Has anyone had a springer clipped out? Is it as uncommon as I think?!  Did the hair grow back coarse?!  Is there any pics of hairy and clipped springers so I can get an idea of what I will have?!


Any response appreciated and will try to upload some pics


----------



## Rocky715 (6 March 2011)

Hiya!

Our old sprocker was clipped by us, she had beautifully shiny soft hair before, but then we moved to Spain and she was too hot! So... we clipped her - and it meant we had to keep clipping her because her hair grew back like one big affro! She did however look really smart 

Our current working cocker spaniel had long (slightly more coarse) hair and kept getting lots of burs and thorns stuck in her coat so we clipped her. We need to clip her approx every 3 months but she looks very cute and smart and is much easier to keep clean!

My dad's current working springer spaniel however is not clipped and never has been!

Will do an ETA with pics once they've uploaded xx

Hairy Molly (working cocker)











Molly after :






Sammy (sprocker spaniel) when hair starting to grow back bit fluffy:






Working springer unclipped:


----------



## Skippys Mum (6 March 2011)

I'm a dog groomer and I clip lots of springers out - particularly ones that are working.  They look great!  The coat tends to grow back fluffy if they are neutered but most folk wouldnt go back to long coats once they have had them done once anyway - they look so much better and its so much easier on the dog.  A quick rub with a towel and they are virtually dry


----------



## Bop! (6 March 2011)

I clip Bramble as she gets really fluffy and tatty in her feathers, under her arms and gets a big pair of "nickers" on her unclipped.  She is also a mud monster and clipped is easier to keep clean and dry.  Had her done professionally the first couple of times then took the bull by the horns and had a go myself.  Was worried I would spoil her clipping her, but shes happier, cooler in the summer and warmer in the winter, as its quicker to dry her.

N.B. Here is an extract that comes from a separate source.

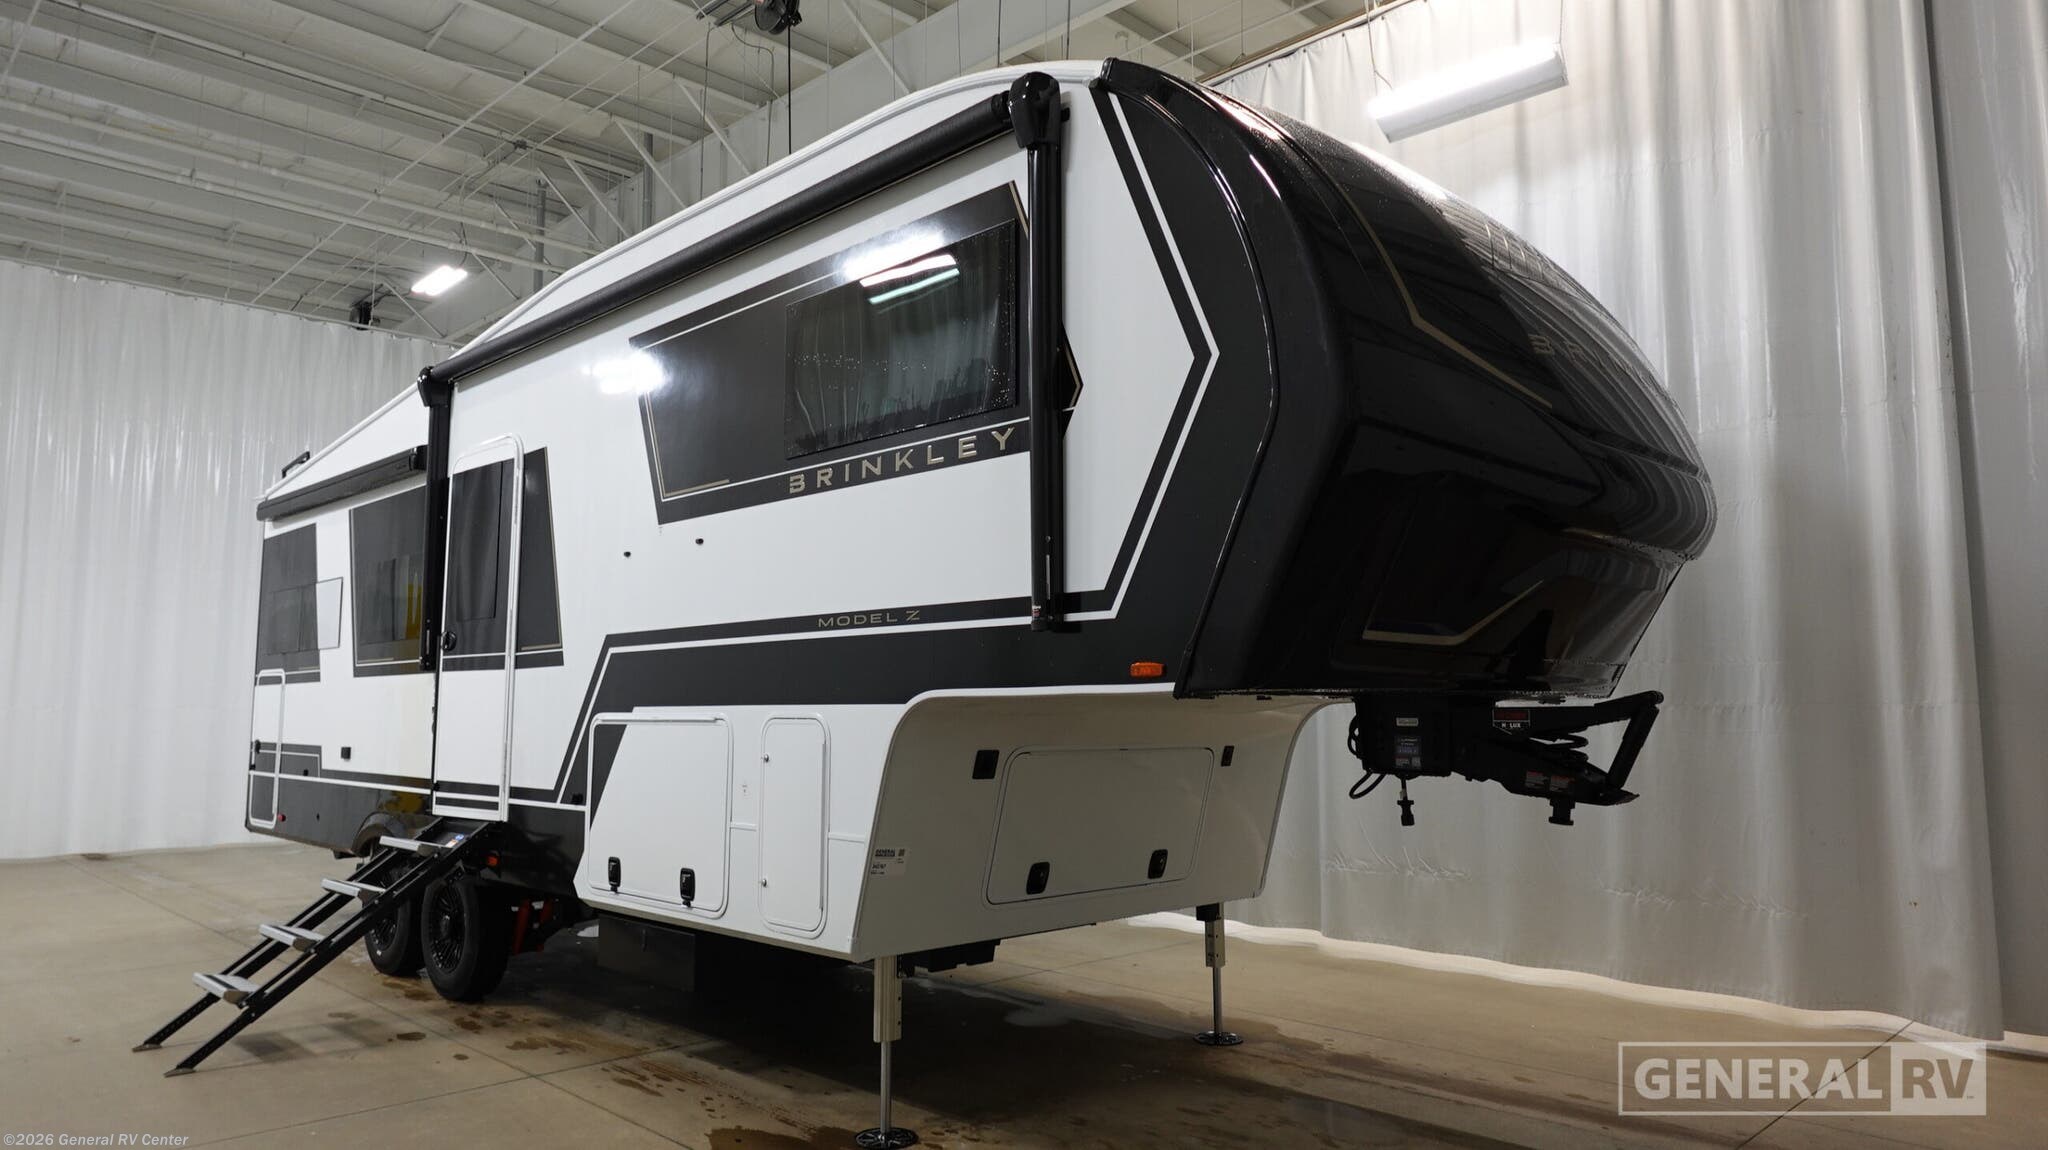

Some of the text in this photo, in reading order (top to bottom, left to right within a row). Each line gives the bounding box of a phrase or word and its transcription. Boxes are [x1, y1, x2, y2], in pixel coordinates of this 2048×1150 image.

[789, 426, 1015, 494] BRINKLEY
[818, 610, 921, 628] MODEL Z

Here she is after her first salon clip last summer:







Helps keep the burs and brambles away too


----------



## Kc Mac (6 March 2011)

Thanks for replies and loving the pics 

I am now more excited about having him clipped but he will have to be fluffy for winter as he is kennelled.

When I find me card reader i will add some pics of his hairy self


----------



## Cinnamontoast (6 March 2011)

Creature was clipped last summer, will load pics later. I find the coat is growing back kind of spiky ended, it is harsh feeling. 

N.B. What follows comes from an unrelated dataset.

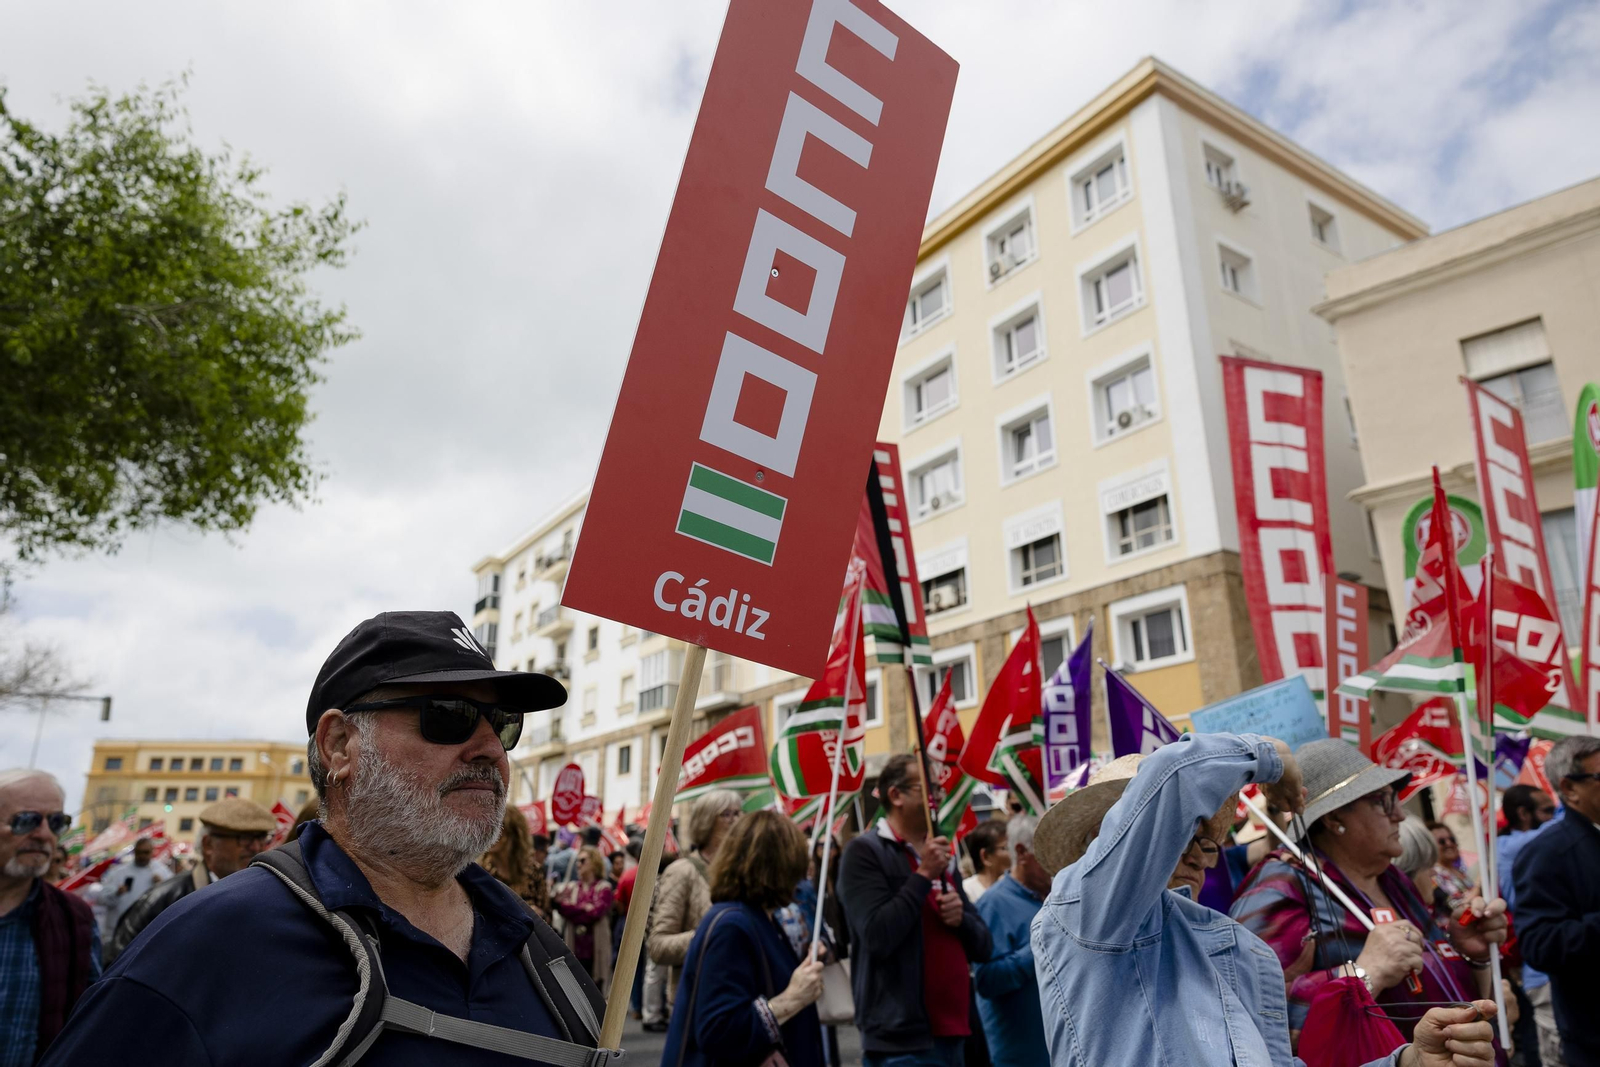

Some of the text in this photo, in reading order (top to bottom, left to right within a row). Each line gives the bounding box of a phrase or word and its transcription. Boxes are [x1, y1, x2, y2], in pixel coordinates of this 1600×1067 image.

[699, 0, 899, 478] CCOO
[653, 570, 771, 641] Cádiz
[1243, 366, 1326, 694] CCOO
[1335, 583, 1361, 724] CCOO

The pups have ridiculous amounts of feather and have seen the clippers just for practise!


----------



## NOISYGIRL (6 March 2011)

We have a bitch that is the same, she is like a gonk, she suddenly sprouted a fuzzy huge coat after she was spade, apparently it happens to dogs as well so check to see if it coincided with him being neutered if he has.  I attempted to clip her myself last year, it was ok but am getting her done properly 4th April, found a lovely place who will let me stay, I'd love her to look like the springer in Bop's post, in fact I think I'll print out the pic and take it with me, I don't want her ears done, that cut looks really nice


----------



## Cinnamontoast (6 March 2011)

http://i273.photobucket.com/albums/jj239/marieclairedawson/Dogs/Photo148.jpg?t=1299448332

Finally! This iPad is not as straightforward as I thought! So is Brig, late last summer, with a full clip. It's taken ages to grow back but was fab throughout the worst of the winter.


----------